Each of the prediction rules 802A-802H can be read as follows: if the current state includes services having identifiers given by the antecedent portion (as shown in a column 804), then it can be predicted with the indicated confidence level (as shown in a column 808) that the services with identifiers given by the consequent portion (as shown in a column 806) will trigger incidents in the prediction window. For example, with respect to prediction rule 802A, if the service having an identifier value 90909435 triggered an incident in the lookback window, then there is a 27.01% likelihood (e.g., probability or chance) that the service having the identifier value 89355049 will trigger an incident during the prediction window; and, with respect to prediction rules 802F-802G, If incidents are currently occurring on services {66541000, 90066083}, then next incidents are likely to occur on services 103082618 with probability 0.2647, 66541000 with probability 0.617, and 98554802 with probability 0.102, within the prediction window.

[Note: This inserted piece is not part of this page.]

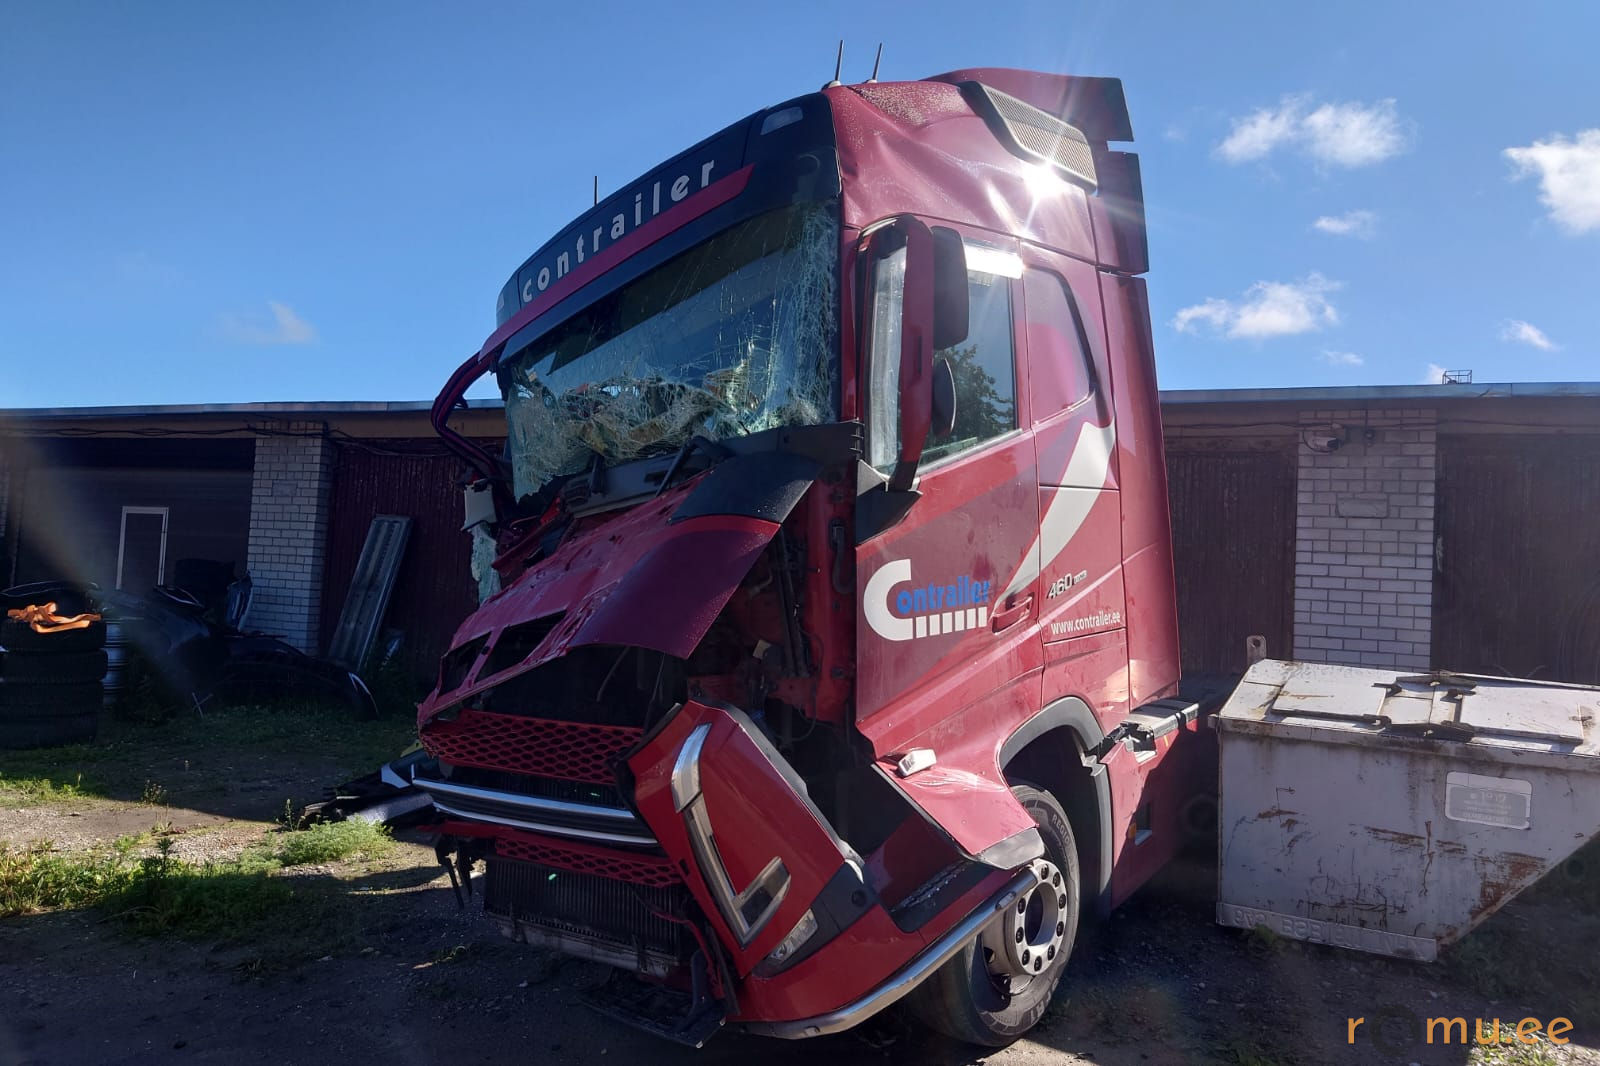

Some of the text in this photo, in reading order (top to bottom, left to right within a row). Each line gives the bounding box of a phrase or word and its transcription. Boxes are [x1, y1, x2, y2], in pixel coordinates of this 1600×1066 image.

Assuming a confidence threshold of 0.3 (i.e., 30%), then in response to identifying, such as during a prediction phase, that a current state (e.g., a lookback window) includes the service with identifier 90909435, then the prediction rules 802B and 802C will be triggered. As such, the services prediction model can output the service identifiers included in the respective consequent parts. That is, the services prediction model can output 106169891 and 80626266. In an example, the services prediction model can also output the corresponding confidence values.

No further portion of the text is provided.